§ **INFORMATION SHOWN**
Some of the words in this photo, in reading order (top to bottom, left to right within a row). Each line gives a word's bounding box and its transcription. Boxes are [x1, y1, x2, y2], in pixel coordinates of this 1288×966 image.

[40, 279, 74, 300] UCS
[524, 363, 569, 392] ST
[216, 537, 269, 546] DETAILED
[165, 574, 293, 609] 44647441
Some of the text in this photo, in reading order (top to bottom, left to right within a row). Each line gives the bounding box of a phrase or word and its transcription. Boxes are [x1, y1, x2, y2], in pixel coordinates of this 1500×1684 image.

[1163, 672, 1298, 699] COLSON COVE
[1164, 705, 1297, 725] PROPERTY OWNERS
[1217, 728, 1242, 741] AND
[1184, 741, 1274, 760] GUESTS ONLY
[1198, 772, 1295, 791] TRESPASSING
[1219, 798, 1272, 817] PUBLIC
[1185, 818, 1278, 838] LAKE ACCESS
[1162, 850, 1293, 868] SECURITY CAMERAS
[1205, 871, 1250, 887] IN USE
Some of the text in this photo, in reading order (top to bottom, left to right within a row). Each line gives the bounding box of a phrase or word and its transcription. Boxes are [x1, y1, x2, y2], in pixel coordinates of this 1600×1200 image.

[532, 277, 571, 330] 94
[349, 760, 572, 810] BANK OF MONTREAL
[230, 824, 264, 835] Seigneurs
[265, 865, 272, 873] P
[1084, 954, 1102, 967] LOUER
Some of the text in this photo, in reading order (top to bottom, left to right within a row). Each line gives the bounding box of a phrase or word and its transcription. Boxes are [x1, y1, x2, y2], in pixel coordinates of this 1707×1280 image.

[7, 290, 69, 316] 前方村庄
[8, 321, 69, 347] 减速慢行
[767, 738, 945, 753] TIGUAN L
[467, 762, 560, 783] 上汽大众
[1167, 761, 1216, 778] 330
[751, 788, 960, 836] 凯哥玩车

§ **WHAT TO DO**
Transcribe the listing above in full, word for word.

§ **EXPECTED ANSWER**
Some of the words in this photo, in reading order (top to bottom, left to right within a row). Each line gives a word's bounding box and its transcription. Boxes are [x1, y1, x2, y2], in pixel coordinates of this 1288×966 image.

[40, 279, 74, 300] UCS
[524, 363, 569, 392] ST
[216, 537, 269, 546] DETAILED
[165, 574, 293, 609] 44647441
Some of the text in this photo, in reading order (top to bottom, left to right within a row). Each line gives the bounding box of a phrase or word and its transcription. Boxes are [x1, y1, x2, y2], in pixel coordinates of this 1500×1684 image.

[1163, 672, 1298, 699] COLSON COVE
[1164, 705, 1297, 725] PROPERTY OWNERS
[1217, 728, 1242, 741] AND
[1184, 741, 1274, 760] GUESTS ONLY
[1198, 772, 1295, 791] TRESPASSING
[1219, 798, 1272, 817] PUBLIC
[1185, 818, 1278, 838] LAKE ACCESS
[1162, 850, 1293, 868] SECURITY CAMERAS
[1205, 871, 1250, 887] IN USE
Some of the text in this photo, in reading order (top to bottom, left to right within a row). Each line gives the bounding box of a phrase or word and its transcription. Boxes are [x1, y1, x2, y2], in pixel coordinates of this 1600×1200 image.

[532, 277, 571, 330] 94
[349, 760, 572, 810] BANK OF MONTREAL
[230, 824, 264, 835] Seigneurs
[265, 865, 272, 873] P
[1084, 954, 1102, 967] LOUER
Some of the text in this photo, in reading order (top to bottom, left to right within a row). Each line gives the bounding box of a phrase or word and its transcription. Boxes are [x1, y1, x2, y2], in pixel coordinates of this 1707×1280 image.

[7, 290, 69, 316] 前方村庄
[8, 321, 69, 347] 减速慢行
[767, 738, 945, 753] TIGUAN L
[467, 762, 560, 783] 上汽大众
[1167, 761, 1216, 778] 330
[751, 788, 960, 836] 凯哥玩车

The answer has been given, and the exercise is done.